**DATASET RECORDS**:
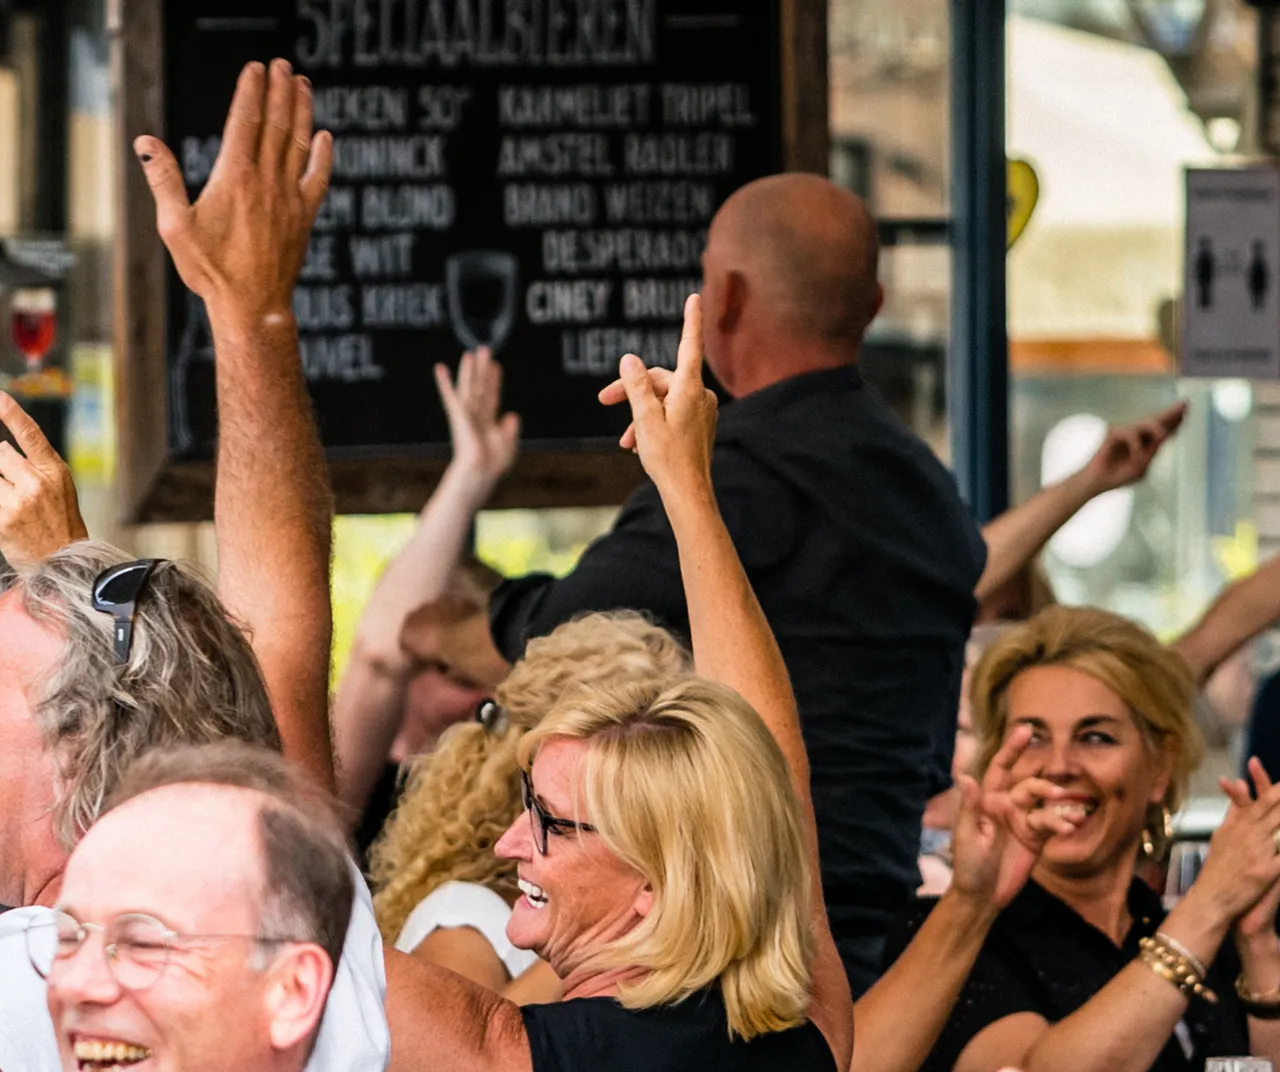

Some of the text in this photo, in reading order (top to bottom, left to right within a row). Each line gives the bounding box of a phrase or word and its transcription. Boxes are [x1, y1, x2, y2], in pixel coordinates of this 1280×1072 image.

[661, 82, 758, 127] TRIPEL
[498, 132, 616, 176] AMSTEL
[362, 183, 456, 229] BLOND
[504, 181, 597, 227] BRAND
[348, 232, 415, 277] WIT
[526, 279, 613, 325] CINEY
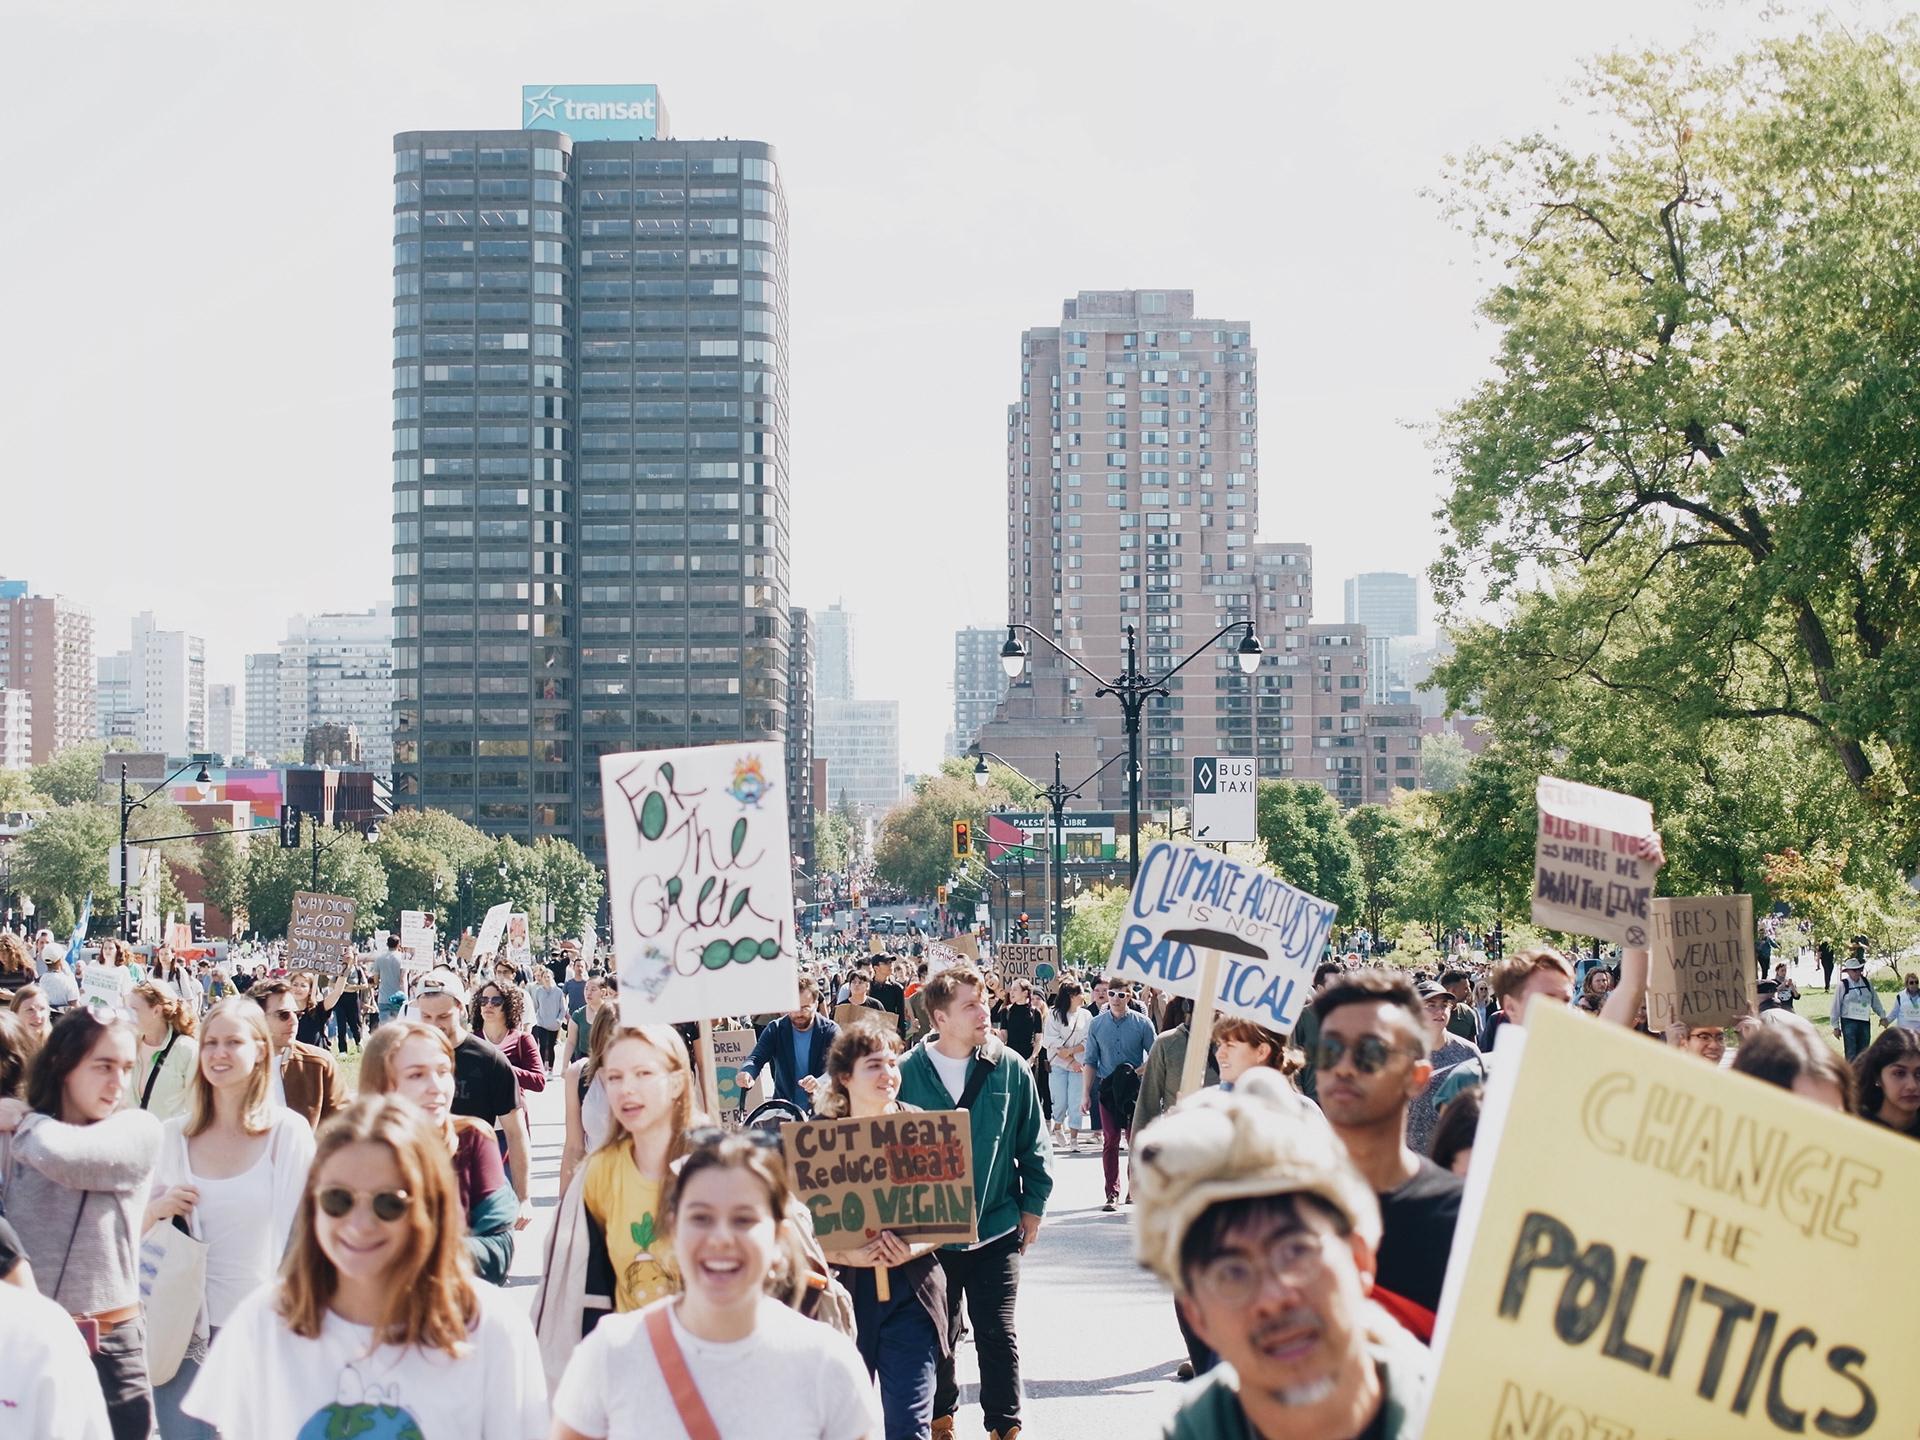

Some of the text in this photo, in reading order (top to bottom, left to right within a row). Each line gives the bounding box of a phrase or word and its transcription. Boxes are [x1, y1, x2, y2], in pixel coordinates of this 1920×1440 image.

[565, 99, 655, 120] transat
[1219, 764, 1252, 776] BUS
[1219, 781, 1252, 793] TAXI
[1013, 818, 1087, 827] PALESTNE LIBRE
[1563, 846, 1607, 872] WHERE
[1616, 858, 1640, 880] WE
[298, 896, 325, 912] WHY
[1133, 842, 1335, 972] CLIMATE ACTIVISM
[1538, 867, 1651, 920] DRAW THE LINE
[296, 910, 314, 926] WE
[1188, 905, 1273, 943] IS NOT
[1651, 907, 1743, 940] THERE'S N
[293, 938, 317, 951] YOU
[1000, 946, 1053, 962] RESPECT
[1000, 961, 1029, 975] YOUR
[1695, 969, 1720, 983] ON
[714, 1042, 741, 1054] DREN
[795, 1115, 961, 1158] CUT Meat
[795, 1154, 887, 1191] Reduce
[1582, 1071, 1884, 1249] CHANGE
[806, 1183, 973, 1236] GO VEGAN
[1674, 1201, 1764, 1269] THE
[1498, 1210, 1879, 1439] POLITICS

**WHAT YOU ARE ASKED TO DO**: Would you restate the listing word for word and leave every picture out?

**ANSWER TO THIS TASK**:
Some of the text in this photo, in reading order (top to bottom, left to right within a row). Each line gives the bounding box of a phrase or word and its transcription. Boxes are [x1, y1, x2, y2], in pixel coordinates of this 1280×1072 image.

[661, 82, 758, 127] TRIPEL
[498, 132, 616, 176] AMSTEL
[362, 183, 456, 229] BLOND
[504, 181, 597, 227] BRAND
[348, 232, 415, 277] WIT
[526, 279, 613, 325] CINEY

Some of the text in this photo, in reading order (top to bottom, left to right within a row). Each line gives the bounding box of a phrase or word and its transcription. Boxes are [x1, y1, x2, y2], in pixel coordinates of this 1920×1440 image.

[565, 99, 655, 120] transat
[1219, 764, 1252, 776] BUS
[1219, 781, 1252, 793] TAXI
[1013, 818, 1087, 827] PALESTNE LIBRE
[1563, 846, 1607, 872] WHERE
[1616, 858, 1640, 880] WE
[298, 896, 325, 912] WHY
[1133, 842, 1335, 972] CLIMATE ACTIVISM
[1538, 867, 1651, 920] DRAW THE LINE
[296, 910, 314, 926] WE
[1188, 905, 1273, 943] IS NOT
[1651, 907, 1743, 940] THERE'S N
[293, 938, 317, 951] YOU
[1000, 946, 1053, 962] RESPECT
[1000, 961, 1029, 975] YOUR
[1695, 969, 1720, 983] ON
[714, 1042, 741, 1054] DREN
[795, 1115, 961, 1158] CUT Meat
[795, 1154, 887, 1191] Reduce
[1582, 1071, 1884, 1249] CHANGE
[806, 1183, 973, 1236] GO VEGAN
[1674, 1201, 1764, 1269] THE
[1498, 1210, 1879, 1439] POLITICS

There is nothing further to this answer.